I took in a deep breath and held it for a moment, letting it out slowly.
“Dr. Collins, how did I get this way?” I felt a knot swelling in my chest and up into my throat. “I didn’t used to…” I broke off, holding back … something.
“Daniel, ” Dr. Collins rocked back in his chair and looked at his books. “There’s never just one reason.” He stopped, considering for a moment. He began fine-tuning, in a way. His eyes narrowed. His focus seemed to briefly gather on a single spot in the air. “It may have happened something like this. You were a little baby. You didn’t do anything but cry, sleep, eat, and shit your diapers. Then one day you smile. Big fucking deal. But everyone in your little world starts doing cartwheels. They can’t fucking believe that their little Dannykins smiled. They get big ol’ mommy and daddy hardons just thinking about it. This is your first encounter with approval. Then, one day, you’re sitting in your high chair and you accidentally knock your cup onto the floor. Your mommy picks it up and sets it back in front of you. You do it again, except this time you do it on purpose. Mommy figures out your game and gives you a hard look and says ‘No.’ This is your first encounter with disapproval. At some point you decide you like the approval better than the disapproval. You become an expert–just a little fucking shit factory, he said chuckling to himself. “but an expert at getting your parent’s approval. Eventually, as you become a teenager, you can’t do it anymore without fucking splitting yourself in two. The ‘Good’ Danny,” he made little quoting hand gestures, “and the ‘Naughty’ Danny. Do you see, Daniel?”
I pooched out my lips as I always did when I had almost gotten my mind wrapped around something.
“Your life is all about shoulds and shouldn’ts.”
Well duh! You can’t just go around doing everything you want to do. “I guess,” I replied unsure.
“You lose a few things when you split in two like that,” Collins continued. “First, you lose your ability to decide things for yourself. You base every decision on what you think the people around you expect. Second, you lose your ability to experience emotion in a normal way. You become like a machine. When a ‘bad’ emotion comes up, you find a way to hide it. Some choose booze, some drugs, some sex. You’re the poor bastard checking your email and looking at porn all day… clicking and browsing your feelings away like a machine. Well, you say, what’s wrong with that? What do have when you take away all the ‘bad’ emotions? The ‘good’ ones, right? Wrong. Eventually the good ones go away, too. You can’t experience the one without the other. You’re clicking out the good stuff along with the bad stuff, buddy!” Dr. Collins chuckled a bit. Then his face became serious. “You’re not ever really happy at this point in your life, Daniel. You’re just pretending. You’re like an actor on a stage. But you know? I don’t think you’re even that good an actor. You’re not fooling anyone anymore.”
I wanted to feel something. Anything. Just to prove this guy wrong.
“Listen, Daniel. I know things are shit right now, but you’re doing something about it, right? You’re young and you haven’t broken anything that can’t be fixed.”

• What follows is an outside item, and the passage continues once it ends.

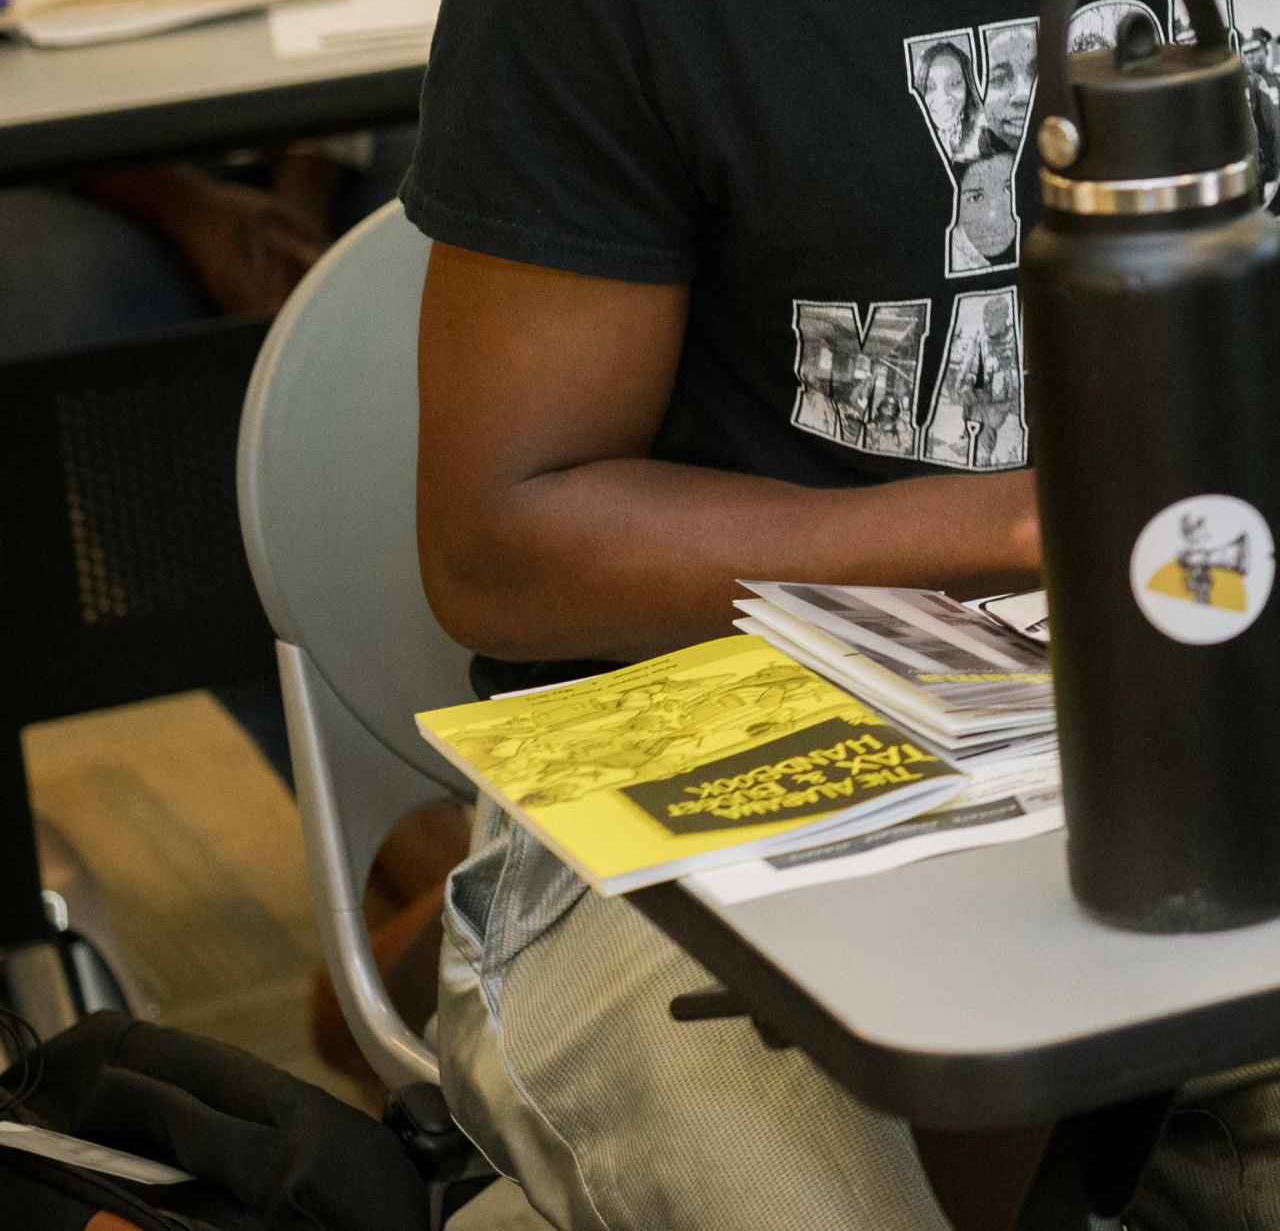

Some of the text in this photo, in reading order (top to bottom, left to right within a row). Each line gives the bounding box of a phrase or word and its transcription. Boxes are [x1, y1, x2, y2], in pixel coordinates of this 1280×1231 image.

“Well that’s just it, ” I began, frustration rising in my voice, “how do I fix this? Where do I start.”
“It’s simple. Look, just do one thing for me this week.” We both stood up and moved toward the door. “You love your wife don’t you?”
“Find a way to show her you love her. She needs your passion, man. Sweep her off her feet any way you can.”
I nodded again. But I don’t know what she wants. I don’t know how, I thought.
“Don’t think about it, Daniel. Just do it. You’re a lucky guy, Daniel. You’ve just forgotten.” Collins chuckled as he opened the door, his hand on my shoulder. “Now go home and fuck the shit outta that girl or I’ll just have to come down and do it myself!”
Dr. Collins PhD silently gestured me out of the door, eyebrows raised, the eyes beneath them sparkling with light.